A shadow of my original fears swallowed me. Biological weapons. Ronnie following Silvina into something she didn’t understand, any more than I understood it.

Well, I would know soon enough if I was sick.

I found the hummingbird pinned under her. As if it’d come loose from a pocket or Ronnie had been holding it when she succumbed and fell. Twisted wire. One tiny wing bent. But still glossy black. Stirring a fatal sense of beauty. Old friend. Comrade come back to me.

I saw now that the darkness of the steps beneath Ronnie meant she’d bled out, though I could find no wound. I knelt in her dried blood and took the hummingbird away from her. I could not leave it behind.

That Ronnie had gotten the hummingbird from her brother seemed certain. Whether Ronnie had come here because she remained part of Silvina’s inner circle seemed less certain. Thought of “Hillman” and his bible of numbers. Of how it didn’t matter which Vilcapampa they’d served. Both had wound up dead.

I stood there on the steps, stooped, overcome by so many emotions. It was hard not to cry over something.

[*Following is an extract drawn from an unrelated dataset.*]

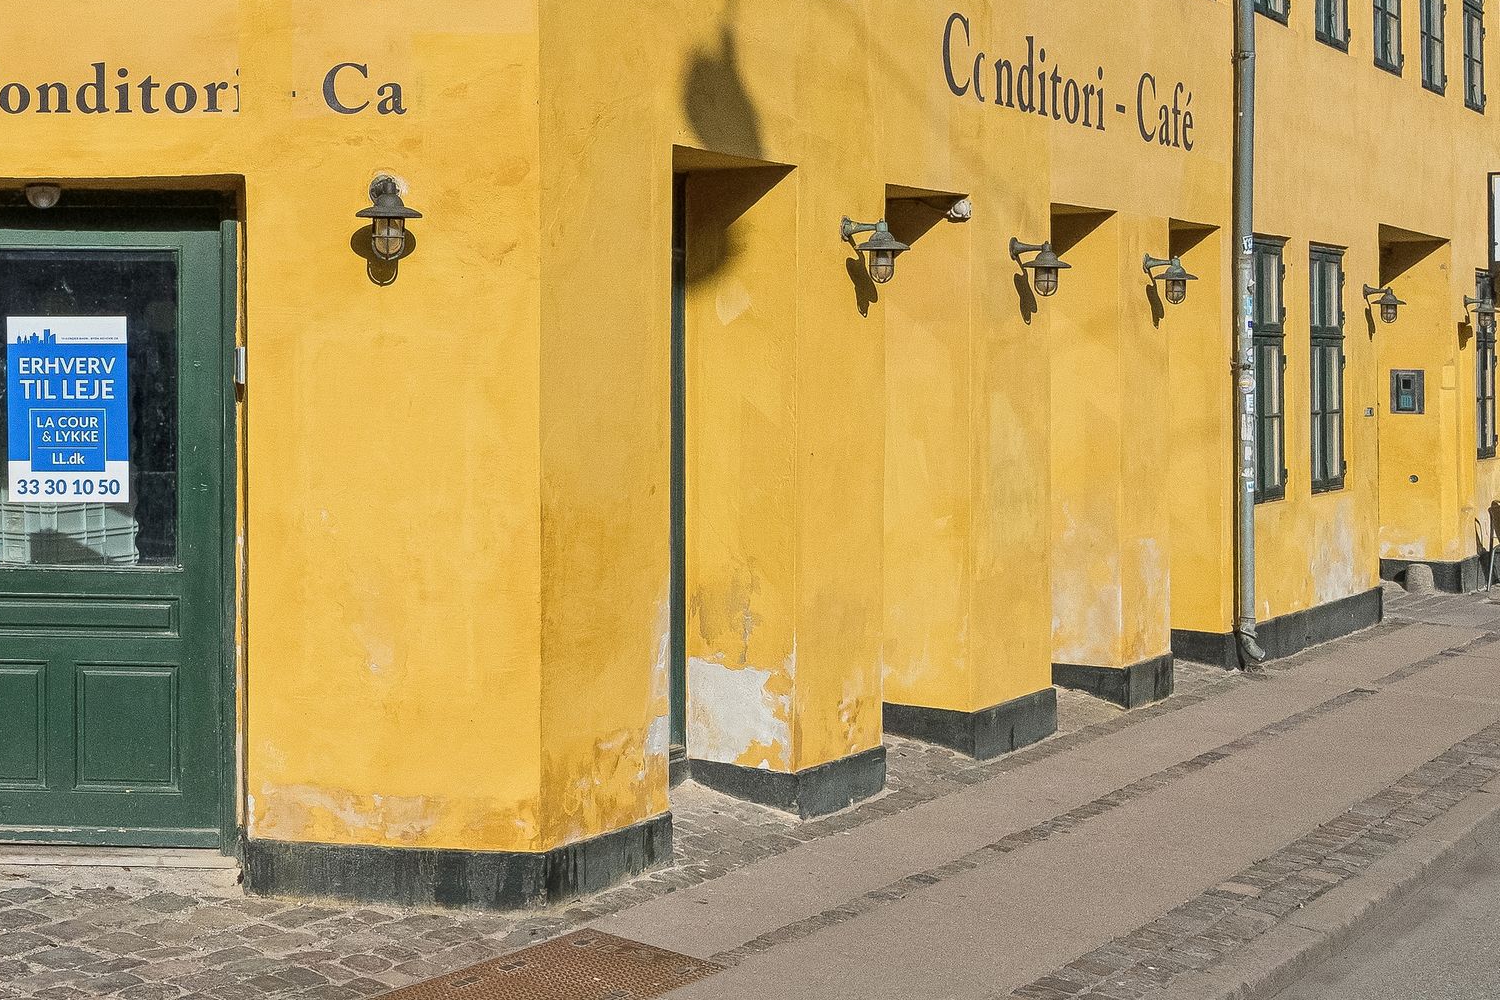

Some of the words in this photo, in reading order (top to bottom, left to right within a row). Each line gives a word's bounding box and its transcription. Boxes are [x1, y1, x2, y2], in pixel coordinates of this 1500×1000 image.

But then I took a step forward, and another. Heavy steps, as if the hummingbird weighed me down. Or something did. My boots thick, awkward, made of solid metal.

Each step upward was easier than the last.



* * *



At the top of the stairs, an hour of climbing later, I came to new concrete steps and a portal of a door. Framed in a circle of stainless steel, the oval of the door shuttered like a closed storefront. A button next to it. No pass code here. But the button was thumb shaped, interactive.